昔の日本人の娯楽とは?
誰もが見るエンターテインメントといえば、やはりテレビでしょう。
テレビには、ドラマやバラエティ、お笑い、音楽、スポーツ、ニュースなど様々な番組があります。
テレビが出現する前には、ラジオの時代がありました。
では、テレビやラジオがなかった時代、日本人はどんな娯楽を楽しんでいたのでしょうか?
代表的なものは、落語や漫才、歌舞伎や能、狂言などの舞台芸能でした。
このうち、「能」と「狂言」は日本人にとってもなかなか区別がつきにくいものでしょう。
どのように違うのでしょうか?
「能」と「狂言」の違いはなに?
テレビ番組にたとえると、「能」はシリアスドラマ、「狂言」はお笑い番組といえます。
「能」は、人間の情念、深い心理などをテーマとして扱うものです。
役者は「能面」で顔を覆い、その「面」の動きや角度によって喜怒哀楽のすべてを表現します。
一方、「狂言」は、人間社会のおかしさを扱います。
役者が演じるのは、貴族や武士、一般の庶民などです。
身の回りによくいる人物たちであり、彼らのおかしな行動や言葉、動きなどで、観客を笑わせます。

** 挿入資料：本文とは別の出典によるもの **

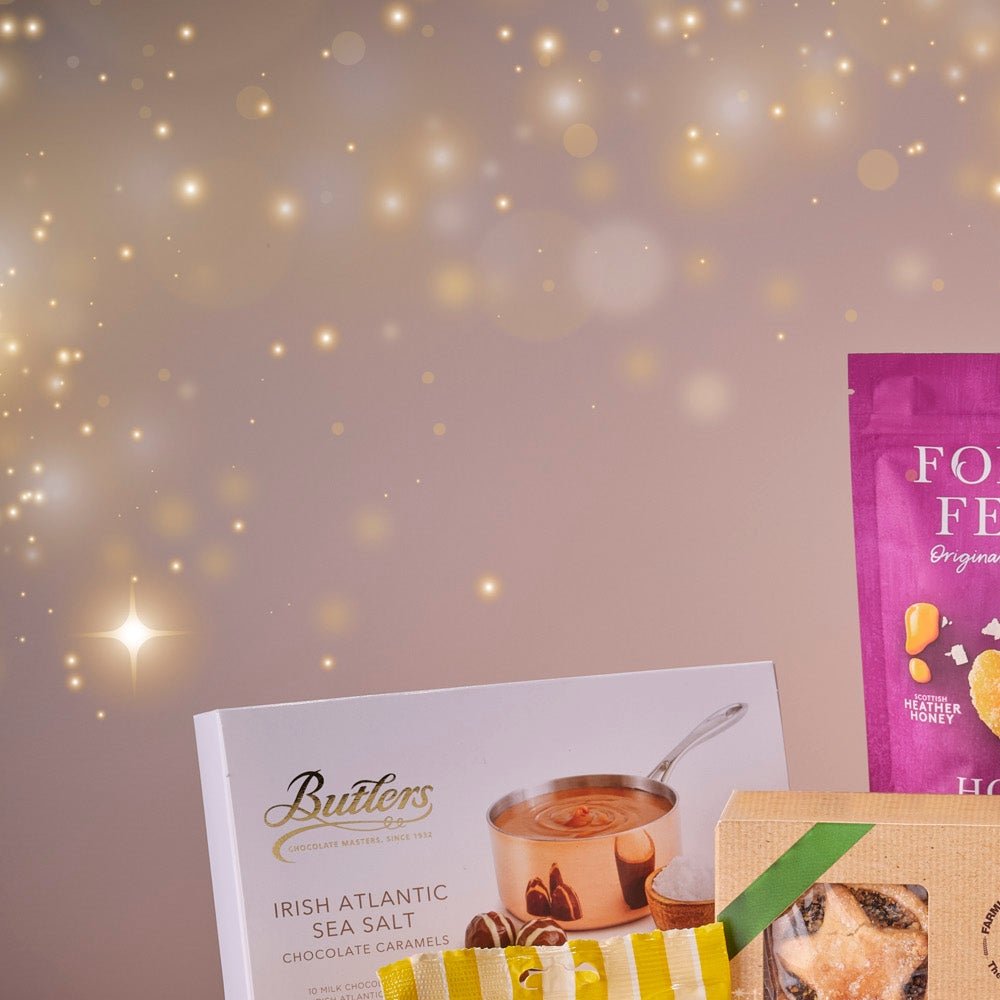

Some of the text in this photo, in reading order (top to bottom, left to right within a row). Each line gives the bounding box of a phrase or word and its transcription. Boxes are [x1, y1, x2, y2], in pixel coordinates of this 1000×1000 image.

[904, 698, 962, 714] HEATHER
[914, 693, 948, 702] SCOTTISH
[910, 710, 955, 725] HONEY
[264, 769, 434, 832] Butlers
[288, 840, 339, 853] CHOCOLATE
[386, 833, 411, 843] SINCE
[413, 831, 433, 840] 1932
[273, 884, 449, 919] IRISH ATLANTIC
[312, 912, 415, 938] SEA SALT
[282, 934, 450, 964] CHOCOLATE CARAMELS
[320, 984, 342, 994] MILK
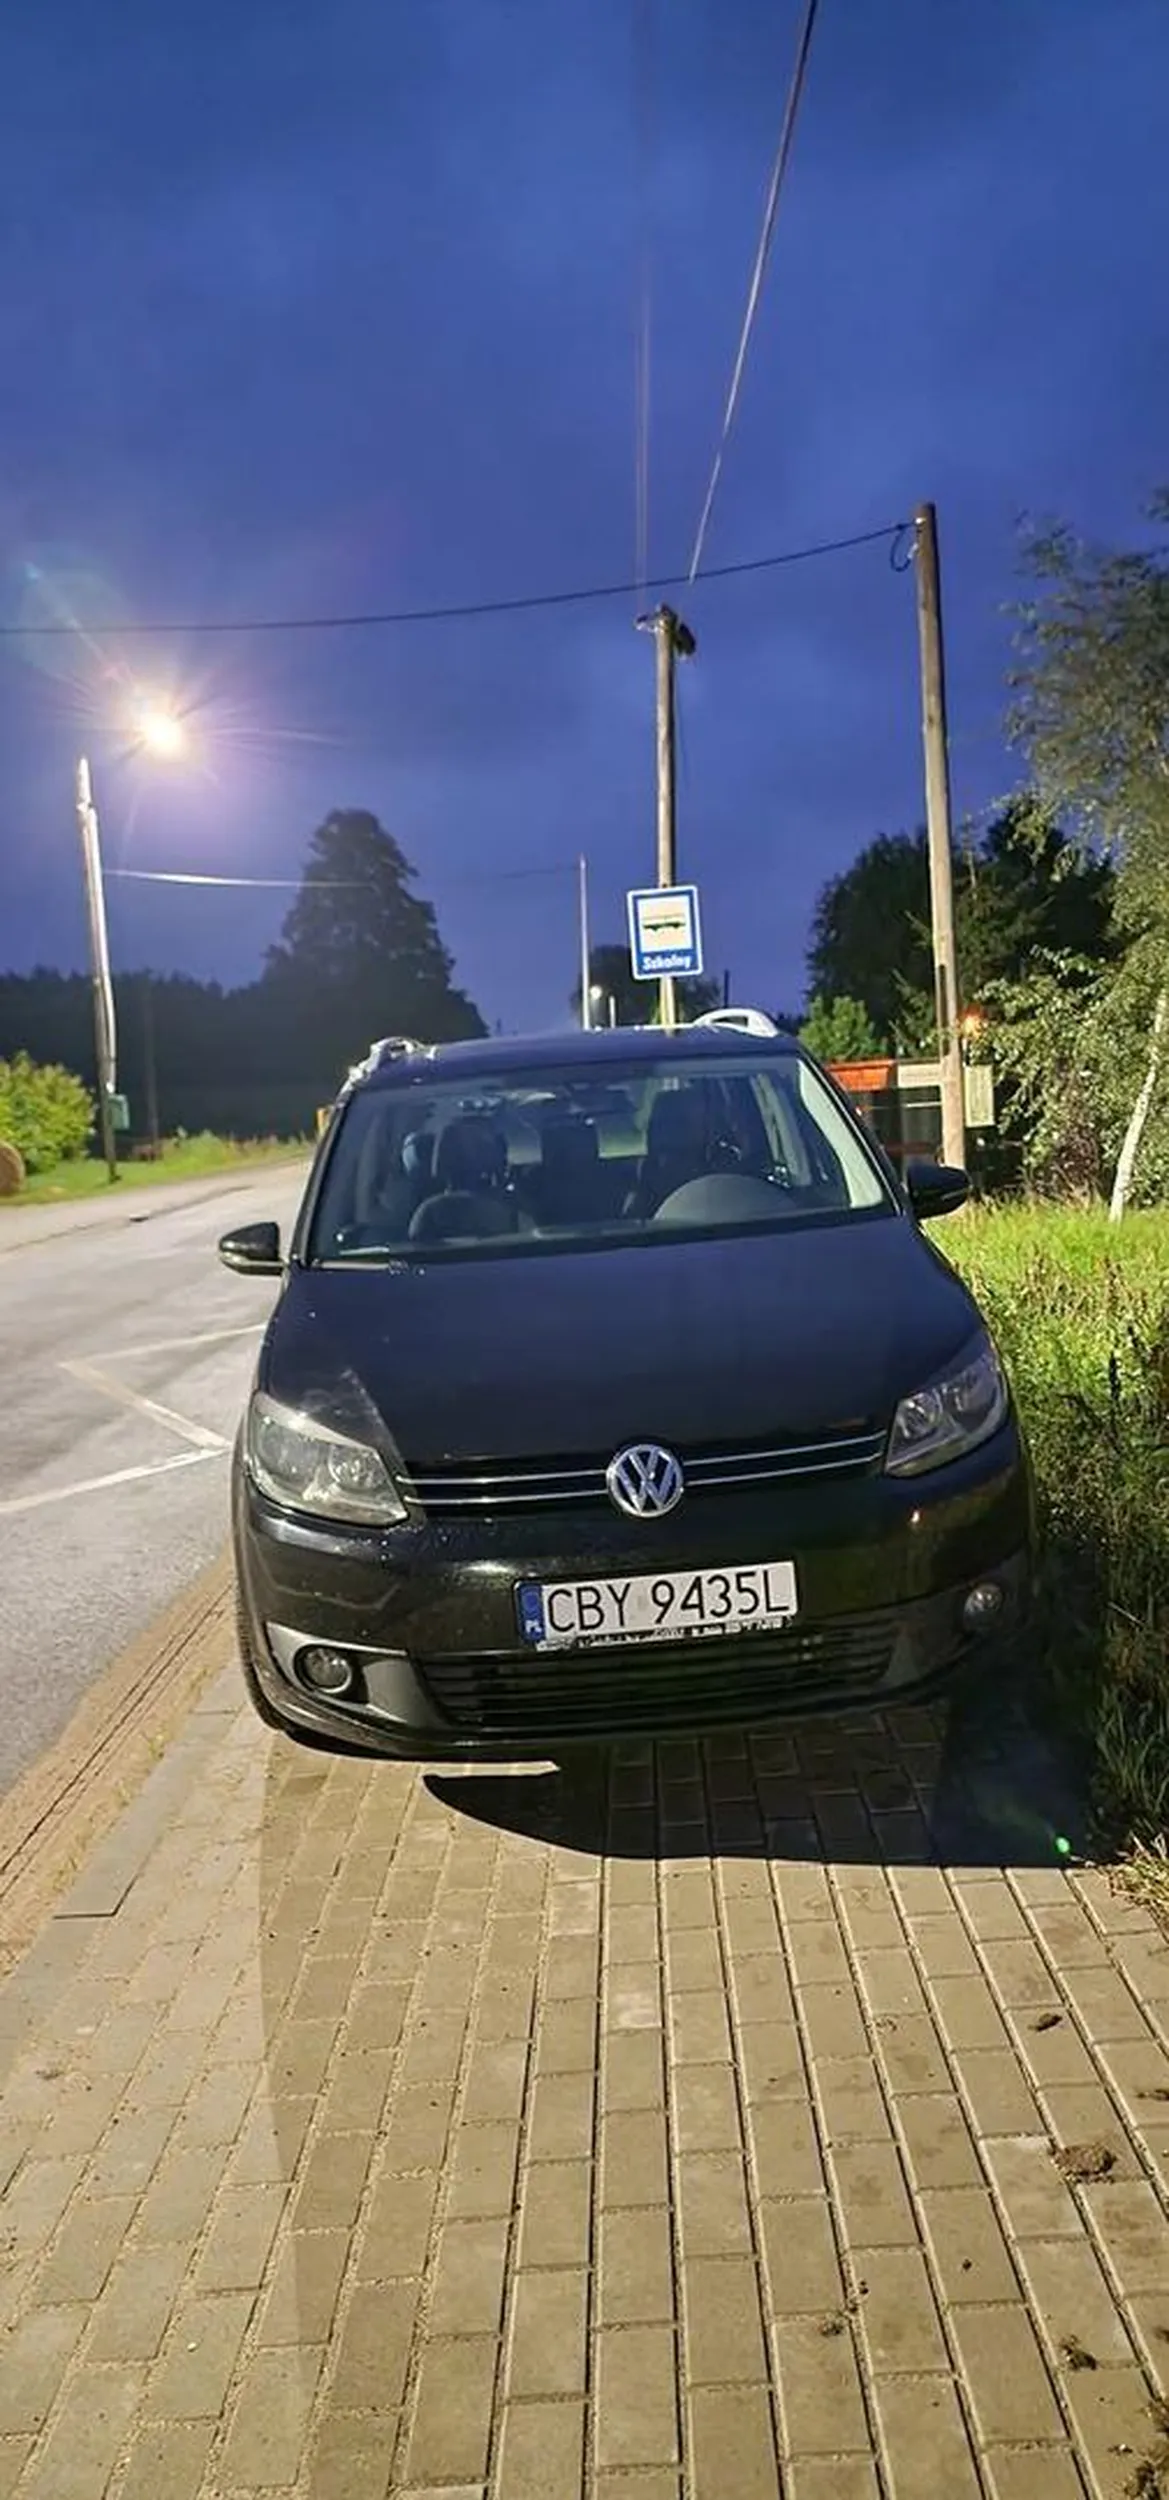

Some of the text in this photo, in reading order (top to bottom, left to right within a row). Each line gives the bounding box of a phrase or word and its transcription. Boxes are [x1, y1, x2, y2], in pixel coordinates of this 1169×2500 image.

[546, 1583, 631, 1633] CBY
[651, 1570, 790, 1624] 9435L
[525, 1619, 542, 1633] PL

「能」がシリアスな幽玄の世界を描くのに対し、「狂言」は日常的な暮らしの中にある笑いがテーマなのです。
これだけの違いがあるのに、この二つをしっかりと区別できる人は多くはないようです。
その理由は、もともとこの二つは同じ芸能だったからなのです。
その源流は、平安時代に生まれたとされる「猿楽」です。
「猿楽」は、サーカスのような曲芸や手品、物まねなど多種多様な要素を含む芸能でした。
それが、シリアスな要素が「能」に、お笑いの要素が「狂言」へと分かれていったのです。
しかし、芸能としては分離したものの、「能」と「狂言」は一緒に上演されました。
観客は、シリアスな「能」を見た後に「狂言」を見て笑い転げ、再びシリアスな「能」を見ていました。
ちなみに、過去の日本で「能」や「狂言」が人気を誇った要因に、鎌倉時代から室町時代にかけて盛り上がった「立ち合い能」がありました。
これは芸能一座がその演目を上演しあう勝負をしたのです。
「立ち合い能」で勝ち上がれば、一座の人気は上がります。
このような競い合いの上に「能」や「狂言」は進化していったのです。
今のテレビでも、芸人たちがお互いの芸を見せて優劣を競う「お笑いバトル」的な番組が人気ですが、それは、今から700年も以前から行われていたわけです。